12.2 Amendment. This BAA may be amended only by a written instrument signed by authorized representatives of both Parties. The Parties agree to amend this BAA as necessary to comply with changes in HIPAA Rules, including changes in HHS regulations or guidance, with any such amendment effective no later than the effective date of the applicable regulatory requirement.
12.3 Entire Agreement; Incorporation. This BAA, together with the Terms of Service and any Order Form or SaaS Service Agreement executed by the Parties, constitutes the entire agreement between the Parties with respect to the use and disclosure of PHI in connection with the Services.

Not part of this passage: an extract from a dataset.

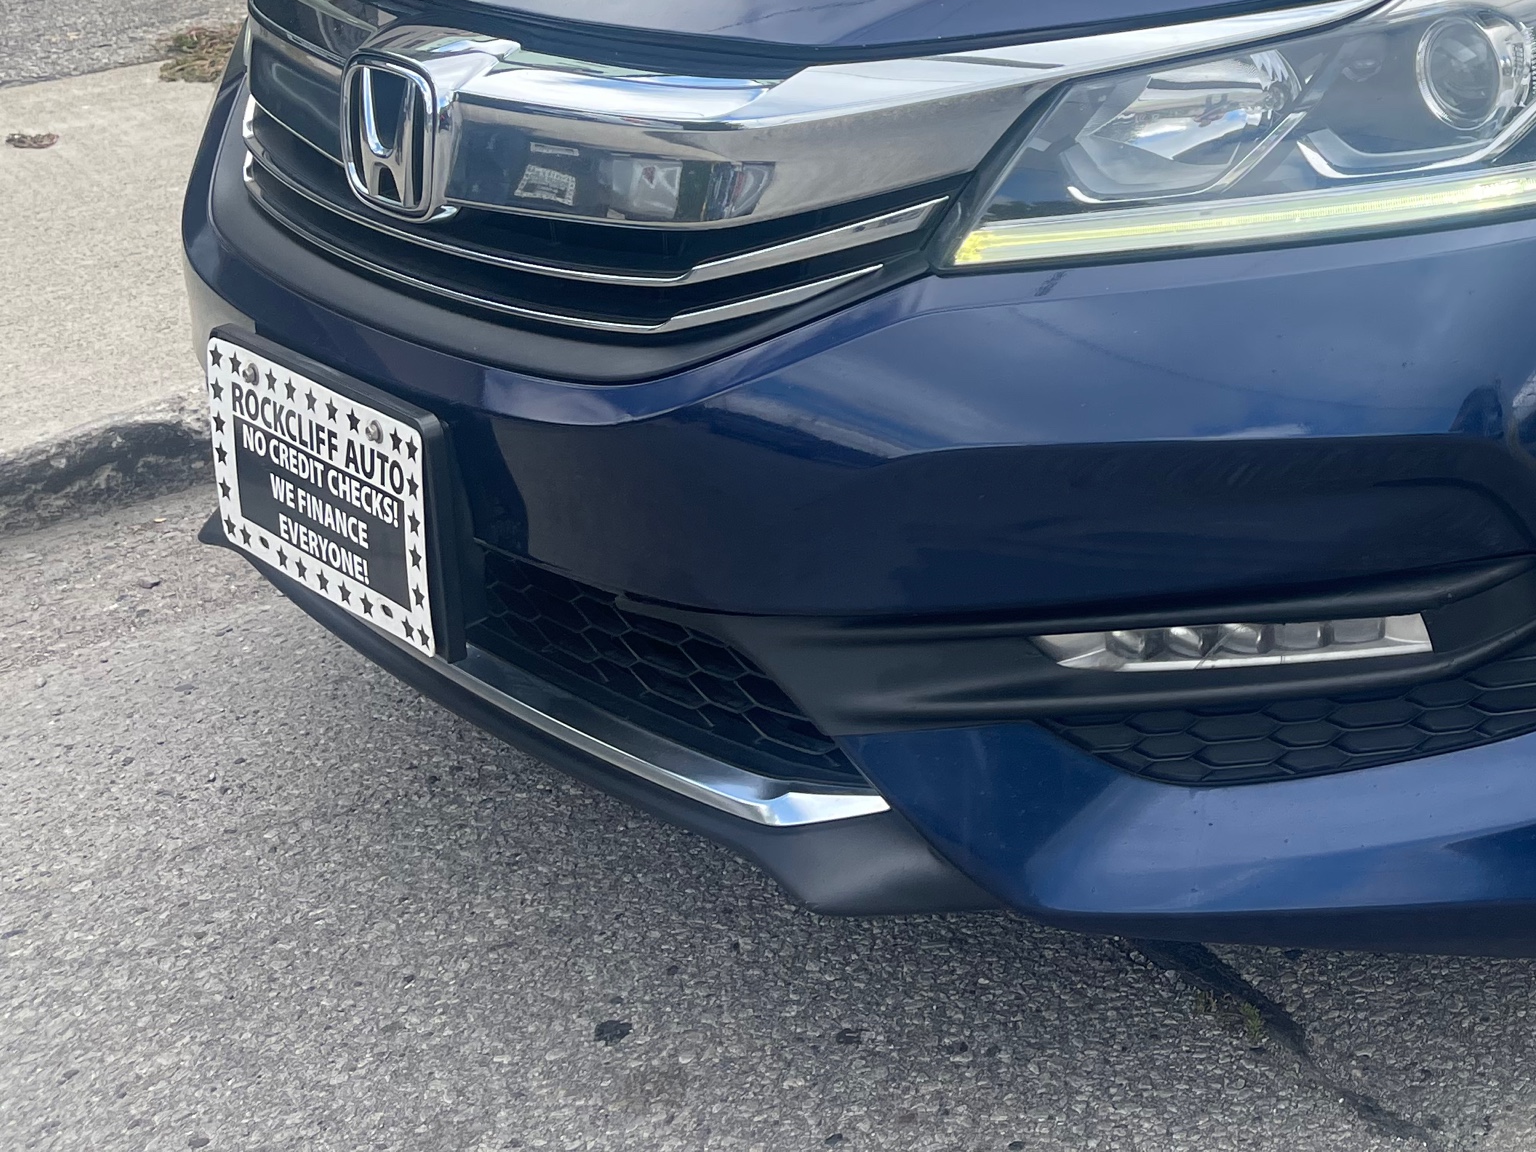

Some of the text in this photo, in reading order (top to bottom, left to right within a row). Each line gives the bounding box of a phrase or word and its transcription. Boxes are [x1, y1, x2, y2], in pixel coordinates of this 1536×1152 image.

[231, 381, 405, 495] ROCKCLIFF AUTO
[242, 423, 399, 529] NO CREDIT CHECKS!
[269, 472, 369, 549] WE FINANCE
[278, 512, 370, 585] EVERYONE!

In the event of a conflict between this BAA and any other agreement between the Parties with respect to PHI handling, this BAA controls.

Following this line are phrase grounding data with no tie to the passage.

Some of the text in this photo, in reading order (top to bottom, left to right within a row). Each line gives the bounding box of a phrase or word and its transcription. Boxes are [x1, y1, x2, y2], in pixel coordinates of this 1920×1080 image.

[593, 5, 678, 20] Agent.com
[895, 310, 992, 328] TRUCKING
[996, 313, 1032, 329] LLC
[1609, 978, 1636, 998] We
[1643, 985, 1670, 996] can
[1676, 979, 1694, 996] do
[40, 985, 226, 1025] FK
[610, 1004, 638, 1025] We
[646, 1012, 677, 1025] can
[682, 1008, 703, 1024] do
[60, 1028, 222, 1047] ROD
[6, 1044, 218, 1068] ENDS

12.4 No Third-Party Beneficiaries. Nothing in this BAA is intended to confer any rights on any Individual or third party, including patients of Covered Entity, except as expressly required by HIPAA.
12.5 Counterparts. This BAA may be executed in counterparts, each of which shall be deemed an original. Electronic signatures (including DocuSign or equivalent) are fully binding and valid.
Signature Blocks
Covered Entity
Entity Name: _________
Authorized Signatory Name: _________
Title: _________
Address: ____________
Email: ________
NPI (if applicable): __________
Signature: __________
Date: ________
Business Associate
Maps Health Network LLC
Authorized Signatory Name: Mark "Shep" Shepherd
Title: Founder / Managing Member
Address: 30 N. Gould St, Ste N, Sheridan, WY 82801
Email: markshepmv@gmail.com
Signature: __________
Date: ________
Exhibit A — Permitted Uses and Disclosures Specific to This Engagement
This Exhibit A identifies and limits the specific uses and disclosures of PHI that Business Associate is authorized to perform on behalf of Covered Entity in connection with the Services.
A.1 Scope of Services
Business Associate is authorized to create, receive, maintain, and transmit PHI solely in connection with the following Service functions:
| Function | PHI Used or Disclosed | Authorized Purpose |
|---|---|---|
| Call answering via Grace AI | Caller identity, reason for call, medication information (including Ozempic, Wegovy, Mounjaro, Zepbound) | Identifying and routing patients |
| Appointment scheduling | Patient name, date of birth, contact information, appointment preferences | Creating and managing scheduling records on behalf of Covered Entity |
| Medication refill routing | Patient name, date of birth, medication name, dose, prescribing provider | Routing refill requests to appropriate clinical staff |
| Warm transfer to clinical staff | PHI disclosed to the receiving staff member as necessary for continuity of care | Patient handoff to human staff |
| Call recording and transcription | Full call audio and transcript, which may contain any PHI disclosed during the call | Creating a record for Covered Entity's review and quality assurance |
| Storage in Service dashboard | Recorded audio, transcripts, structured intake data | Making call records available to Covered Entity's authorized personnel |
A.2 Restrictions
Business Associate shall not, in performing the Services under Exhibit A:
(a) Use PHI for any purpose not identified in this Exhibit;
(b) Disclose PHI to any party other than Covered Entity's authorized workforce, authorized Subcontractors under Article 5, or as Required by Law;
(c) Use PHI to make clinical decisions or provide medical advice (all clinical judgment remains with Covered Entity's licensed staff);
(d) Use PHI for training AI models in a manner that identifies Covered Entity's patients; or
(e) Share PHI with any marketing, advertising, or data analytics company.
A.3 Acknowledgment
This Exhibit A is incorporated into and forms part of the BAA. Covered Entity's execution of the BAA constitutes acknowledgment of and agreement to the scope and restrictions set forth in this Exhibit.
Cross-reference: This BAA should be read in conjunction with the GLP-1 Receptionist Terms of Service, Privacy Policy & HIPAA Notice, and SaaS Service Agreement.